┌─ Supplied entries
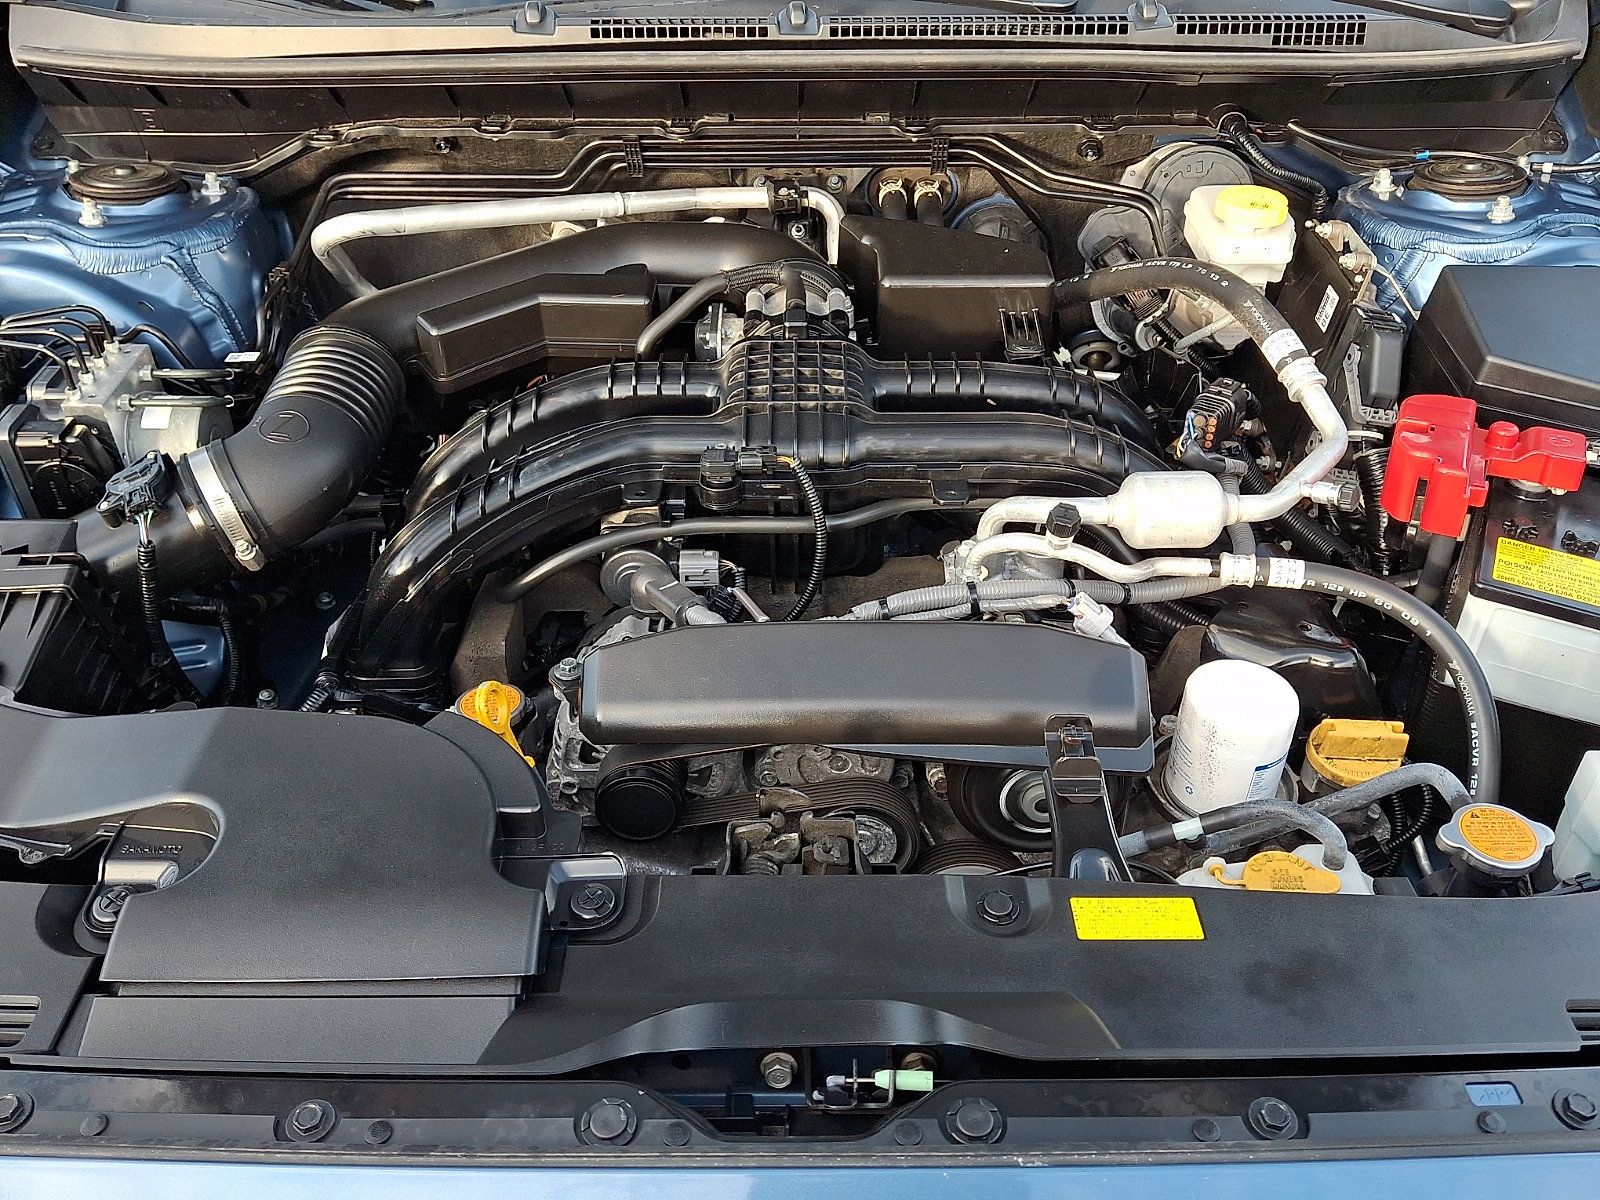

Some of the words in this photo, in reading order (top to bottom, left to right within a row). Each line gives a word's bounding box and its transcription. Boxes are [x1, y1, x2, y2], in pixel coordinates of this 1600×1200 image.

[1501, 539, 1536, 552] DANGER
[1498, 558, 1532, 571] POISON
[1348, 588, 1367, 599] HP
[1538, 584, 1554, 593] CCA
[1454, 671, 1476, 717] YOKOHAMA
[1471, 729, 1479, 767] ACVR
[1248, 852, 1316, 872] COOLANT
└─
■ How to complete this task ■
A verbatim copy of the data, with all pictures omitted, is the required output.

■ Exercise answer ■
Some of the words in this photo, in reading order (top to bottom, left to right within a row). Each line gives a word's bounding box and its transcription. Boxes are [x1, y1, x2, y2], in pixel coordinates of this 1600×1200 image.

[1501, 539, 1536, 552] DANGER
[1498, 558, 1532, 571] POISON
[1348, 588, 1367, 599] HP
[1538, 584, 1554, 593] CCA
[1454, 671, 1476, 717] YOKOHAMA
[1471, 729, 1479, 767] ACVR
[1248, 852, 1316, 872] COOLANT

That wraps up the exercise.